Other acts included:

-Charlotte Russe, The Matchless, The Champion Glace Skater of the World, assisted by Axel Erickson, Late Skater-in-Chief to the King of Scandinavia

-The Amalgamated & Consolidated Circus Company of Kalamazoo and Oshkosh, Bigger, Greater, Grander and More Gorgeous than Ever – All Under One Tent!!  Wonder of Wonders!!  The Smallest Show on Earth!!

-Elmer, the elephant – the smallest trained pachyderm in captivity

-Signor Centrifugo, sensational slack wire specialist, who will set at defiance the laws of gravity

(The program also made the following note, “Ladies are requested to remove their hats – or keep them on.”  This, no doubt, was a humorous reference to the controversial house rule passed a few years earlier at the Chicago Symphony – and also adopted by Frances Glessner at her Monday Morning Reading Class – that all ladies must remove their hats.)

A total of ten performances were held over eight days with 50 people attending each, including Mrs.
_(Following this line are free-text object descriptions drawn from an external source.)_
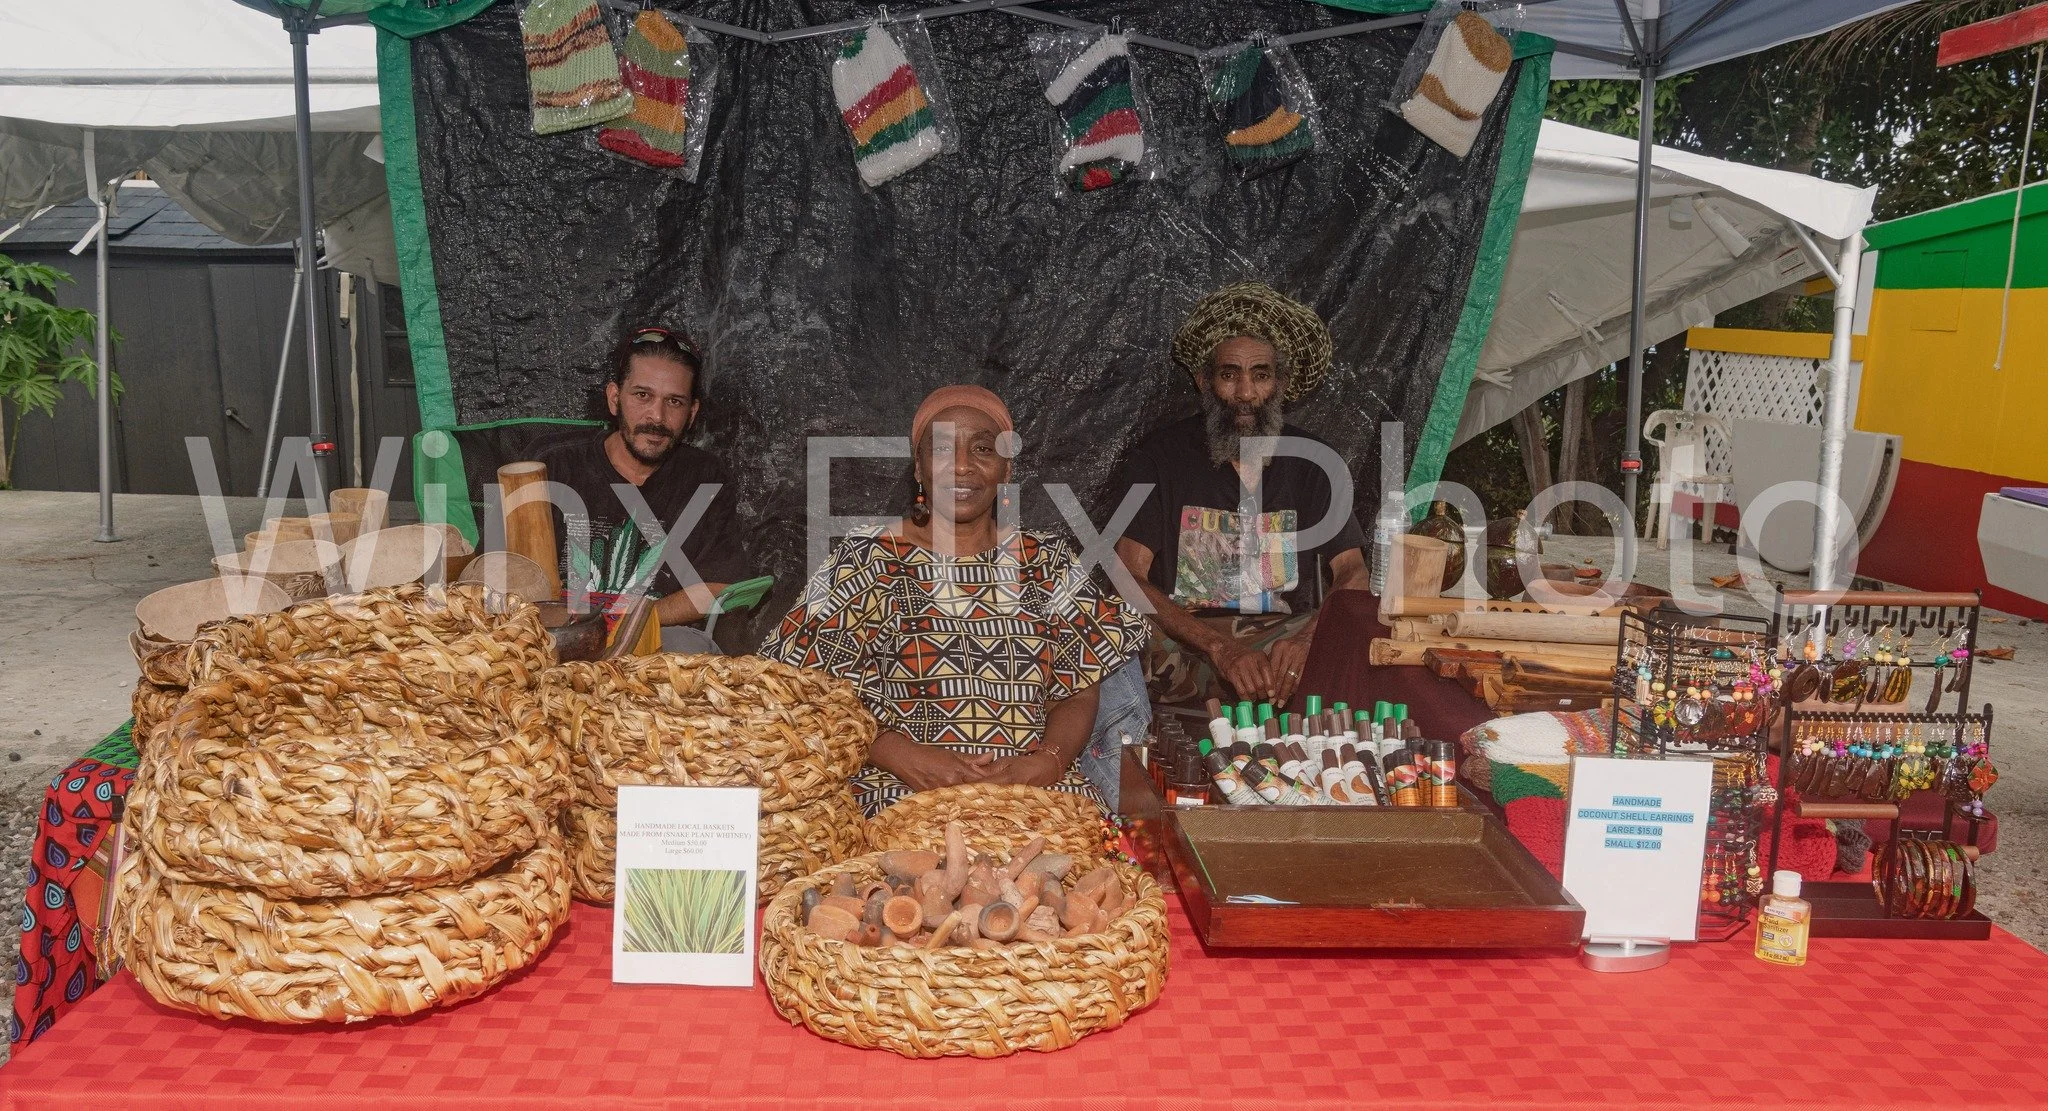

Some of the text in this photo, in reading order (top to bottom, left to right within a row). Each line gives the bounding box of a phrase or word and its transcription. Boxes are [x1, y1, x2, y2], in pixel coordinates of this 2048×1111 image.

[1612, 798, 1662, 807] HANDMADE
[1578, 810, 1694, 823] COCONUT SHELL EARRINGS
[678, 823, 701, 831] LOCAL
[703, 823, 735, 831] BASKETS
[1606, 825, 1663, 836] LARGE $15.00
[664, 831, 690, 839] (SNAKE
[691, 831, 714, 839] PLANT
[716, 832, 752, 841] WHITNEY)
[661, 839, 686, 847] Medium
[1605, 840, 1662, 850] SMALL $12.00
[665, 847, 682, 856] Large
George Pullman and many of the leaders of Chicago society, netting $1,000 for the Fatherless Children of France.

Mary Meeker, Mary Crary, and Jane Barrell at the opening performance
March 19, 1918

Frances Glessner Lee wrote a letter to the editor of the Chicago Tribune on March 26 which read:

“I send you my grateful thanks for the kind notices in your paper of my little Finger Tip theater.  The series of ten performances came to an end this afternoon.  The Art institute generously provided the rooms, lights, and service, and all other expenses were met by special contribution, so that the entire receipts, amounting to about $1,000, were turned over for the benefit of the fatherless children of France.  I am glad to have given my small efforts to this cause, and am grateful to you for your kind notices.  Frances G. Lee”
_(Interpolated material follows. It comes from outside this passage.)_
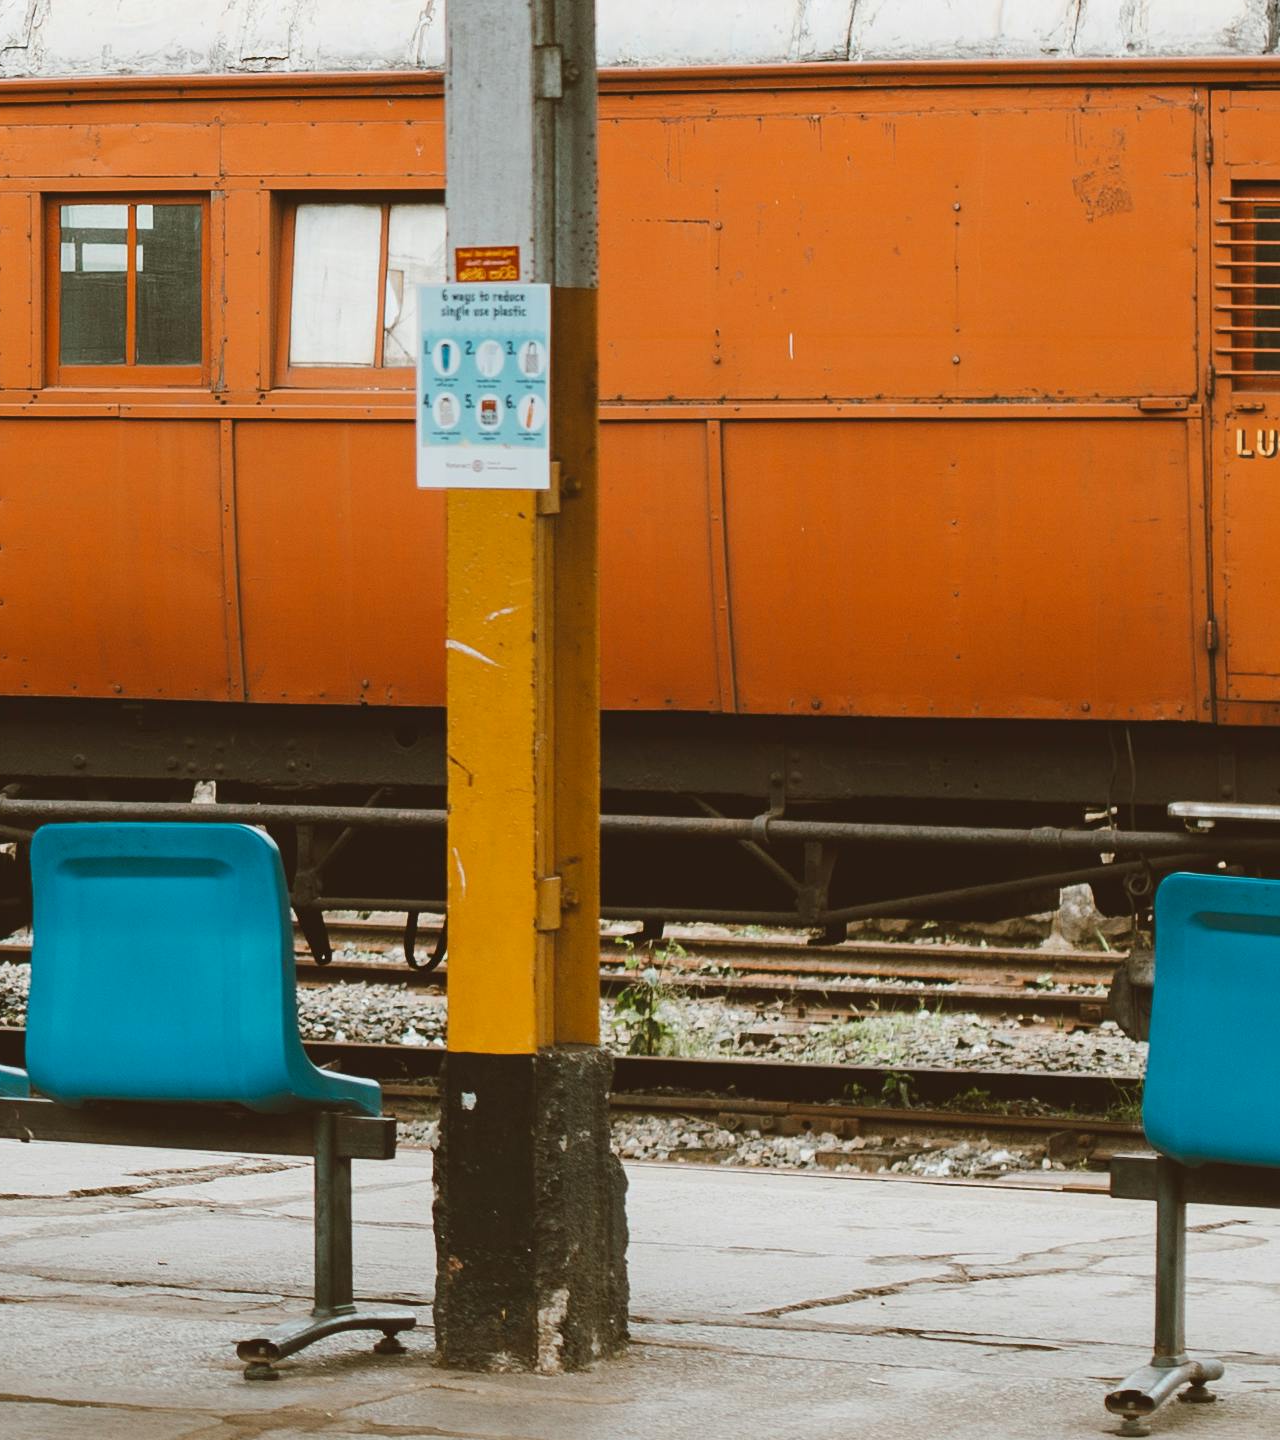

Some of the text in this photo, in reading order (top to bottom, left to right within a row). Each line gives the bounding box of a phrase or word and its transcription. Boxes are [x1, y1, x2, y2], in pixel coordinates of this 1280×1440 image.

This brilliant production executed by Frances Glessner Lee was truly a “small effort” only in the size of the performers who entertained captivated audiences during the short run of the Finger Tip Theater.   A quarter-century later, those same nimble fingers would craft the Nutshell Studies of Unexplained Death for which she is chiefly remembered to this day.

Monday, June 15, 2015

A Golden Opportunity

When the Glessners met with architect H. H. Richardson in September 1885 at the Brookline office attached to his house, they were extremely impressed with the space, and asked that he incorporate many of its features into the library of their new Prairie Avenue home.  One feature, however, was recreated in their dining room  - lustrous ceiling panels covered in gold leaf set within a grid of heavy oak beams.  

Dining room during the Glessners' occupancy

At first glance, the use of gold leaf might seem to be an ostentatious display of wealth, but such was not the case with the Glessners.  To illuminate their rooms, the Glessners opted for the use of wall sconces rather than large chandeliers suspended from the ceilings.  The use of the gold leaf was practical – it would reflect the light from the five sconces around the dining room and cast a warm light back down upon the dining table. 

Dining room in 1966, after it was acquired from the
Lithographic Technical Foundation

During the time period in which the house was occupied by the Lithographic Technical Foundation (1945-1965), the gold leaf panels were covered over with ceiling paint and fluorescent light fixtures were installed above the work benches installed in the room, which functioned as a laboratory for researching printing inks. 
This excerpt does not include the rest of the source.